GOAL OF THE EXERCISE -> Each line in the data must be reproduced as written, except for any picture.

EXTRACTED ENTRIES ->
● ● ● ● ●

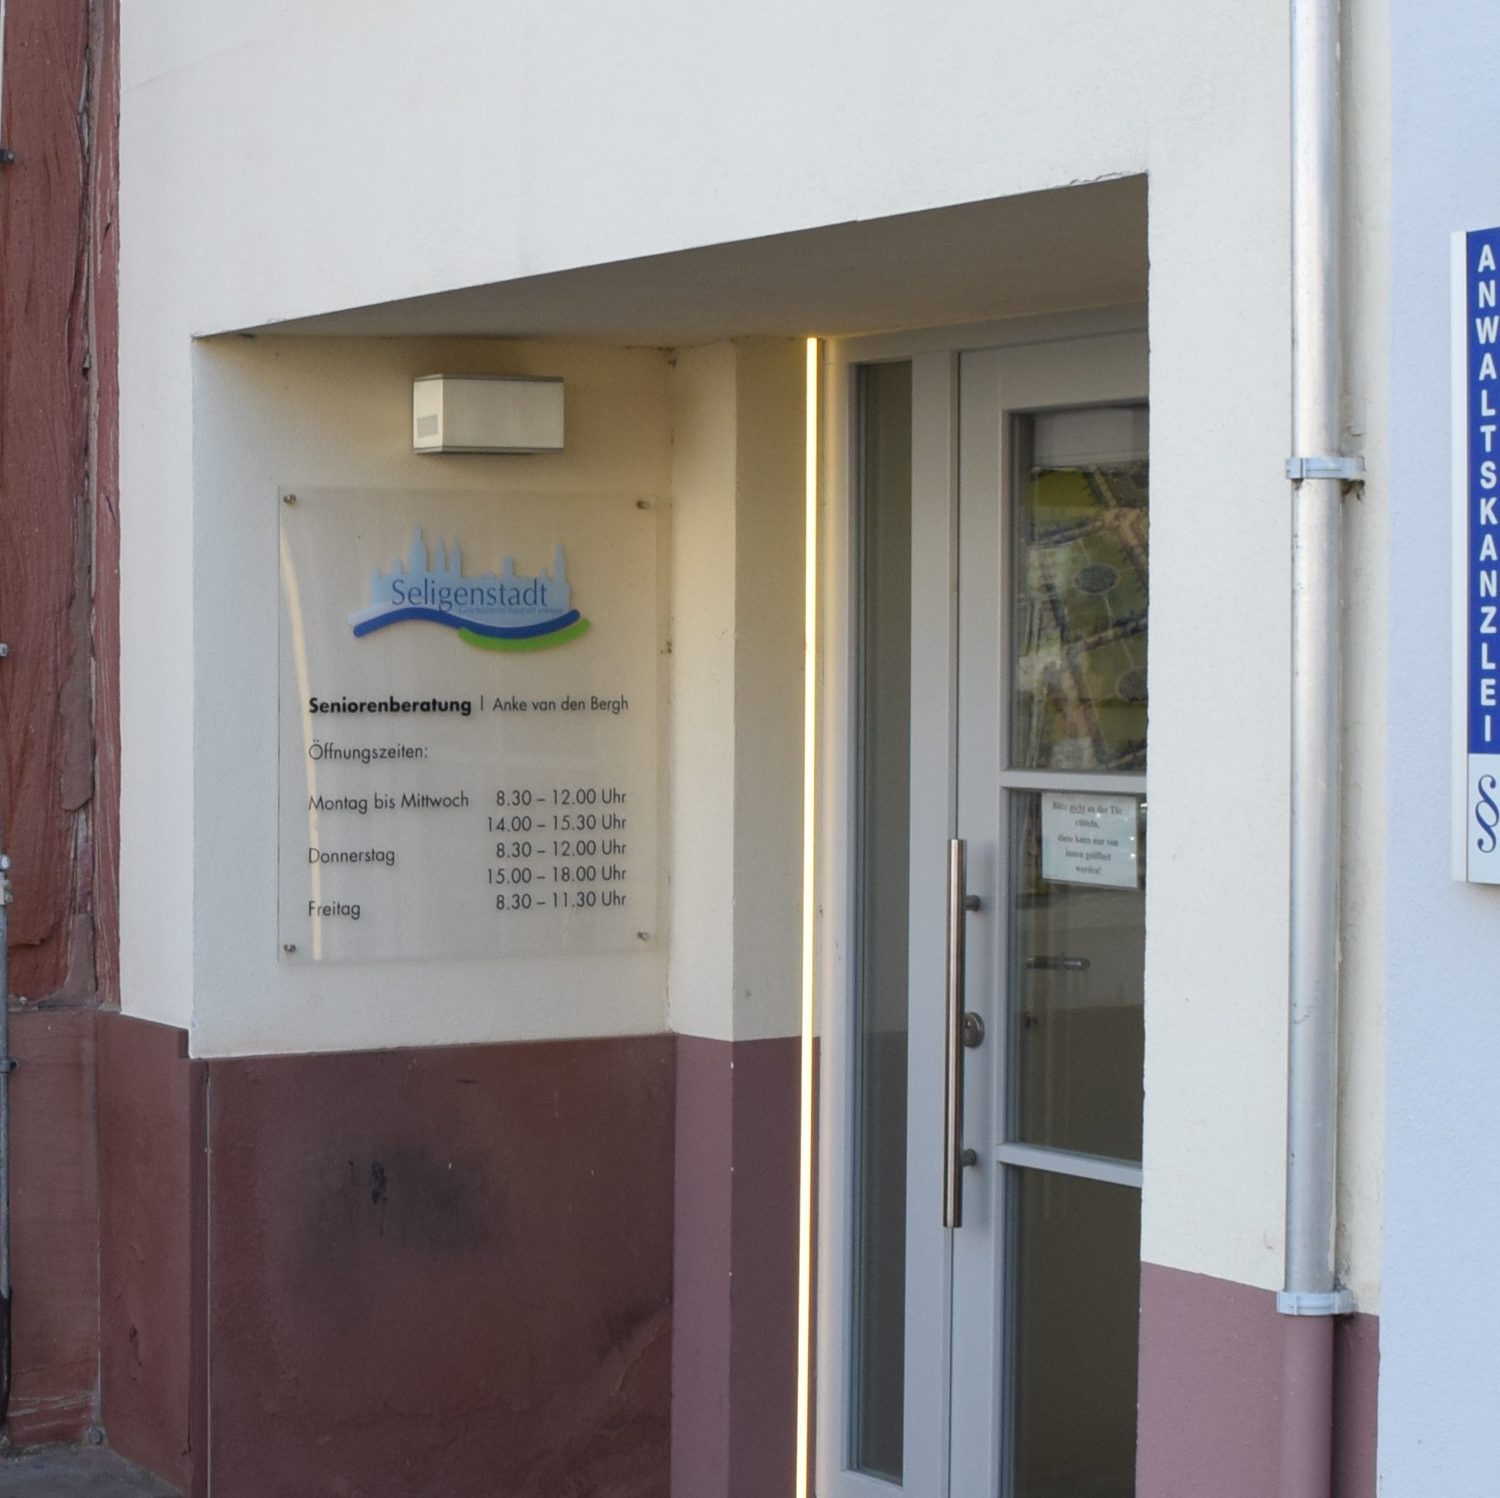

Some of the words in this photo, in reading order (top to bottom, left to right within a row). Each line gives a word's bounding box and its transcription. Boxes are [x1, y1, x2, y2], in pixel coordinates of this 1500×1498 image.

[1475, 244, 1500, 743] ANWALTSKANZLEI
[390, 577, 549, 612] Seligenstadt
[308, 695, 472, 718] Seniorenberatung
[492, 695, 528, 712] Anke
[531, 700, 557, 712] van
[561, 695, 586, 712] den
[590, 694, 629, 715] Bergh
[308, 739, 428, 765] Öffnungszeiten:
[308, 795, 368, 815] Montag
[374, 792, 396, 810] bis
[400, 789, 469, 809] Mittwoch
[496, 789, 532, 807] 8.30
[553, 788, 597, 806] 12.00
[601, 787, 627, 805] Uhr
[487, 815, 532, 832] 14.00
[553, 814, 597, 831] 15.30
[601, 812, 627, 830] Uhr
[308, 847, 396, 867] Donnerstag
[496, 841, 532, 859] 8.30
[553, 839, 597, 857] 12.00
[601, 838, 627, 856] Uhr
[487, 867, 532, 885] 15.00
[553, 865, 597, 883] 18.00
[601, 863, 627, 881] Uhr
[308, 900, 361, 921] Freitag
[495, 893, 532, 911] 8.30
[553, 890, 597, 908] 11.30
[601, 889, 627, 907] Uhr
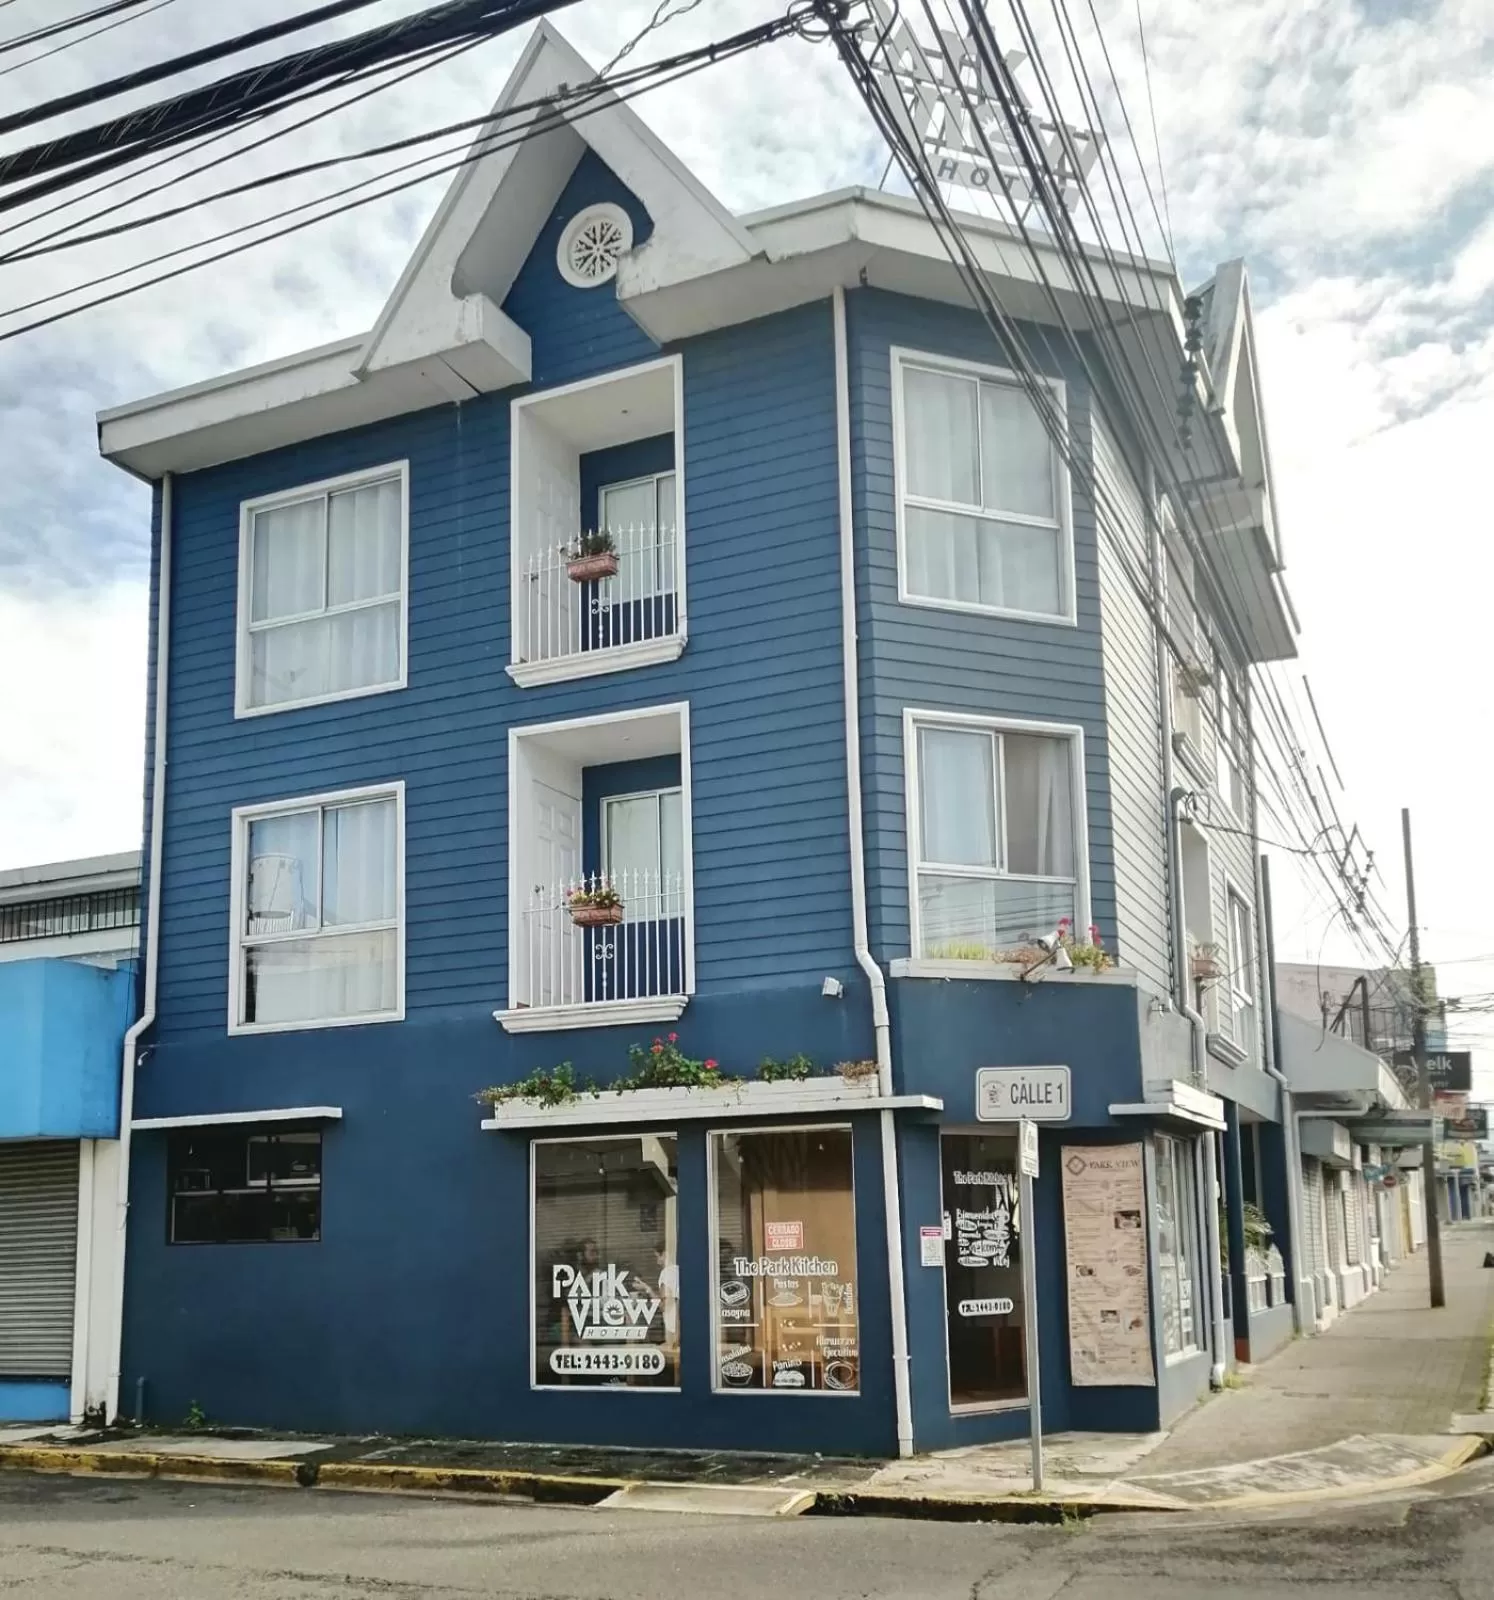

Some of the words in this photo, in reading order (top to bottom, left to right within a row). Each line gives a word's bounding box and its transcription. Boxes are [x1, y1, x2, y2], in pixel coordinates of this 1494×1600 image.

● ● ● ● ●

RESPONSE BELOW ->
Some of the words in this photo, in reading order (top to bottom, left to right within a row). Each line gives a word's bounding box and its transcription. Boxes are [x1, y1, x2, y2], in pixel coordinates of this 1500×1498 image.

[1475, 244, 1500, 743] ANWALTSKANZLEI
[390, 577, 549, 612] Seligenstadt
[308, 695, 472, 718] Seniorenberatung
[492, 695, 528, 712] Anke
[531, 700, 557, 712] van
[561, 695, 586, 712] den
[590, 694, 629, 715] Bergh
[308, 739, 428, 765] Öffnungszeiten:
[308, 795, 368, 815] Montag
[374, 792, 396, 810] bis
[400, 789, 469, 809] Mittwoch
[496, 789, 532, 807] 8.30
[553, 788, 597, 806] 12.00
[601, 787, 627, 805] Uhr
[487, 815, 532, 832] 14.00
[553, 814, 597, 831] 15.30
[601, 812, 627, 830] Uhr
[308, 847, 396, 867] Donnerstag
[496, 841, 532, 859] 8.30
[553, 839, 597, 857] 12.00
[601, 838, 627, 856] Uhr
[487, 867, 532, 885] 15.00
[553, 865, 597, 883] 18.00
[601, 863, 627, 881] Uhr
[308, 900, 361, 921] Freitag
[495, 893, 532, 911] 8.30
[553, 890, 597, 908] 11.30
[601, 889, 627, 907] Uhr

Some of the words in this photo, in reading order (top to bottom, left to right within a row). Each line gives a word's bounding box and its transcription. Boxes are [x1, y1, x2, y2], in pixel coordinates of this 1494×1600 image.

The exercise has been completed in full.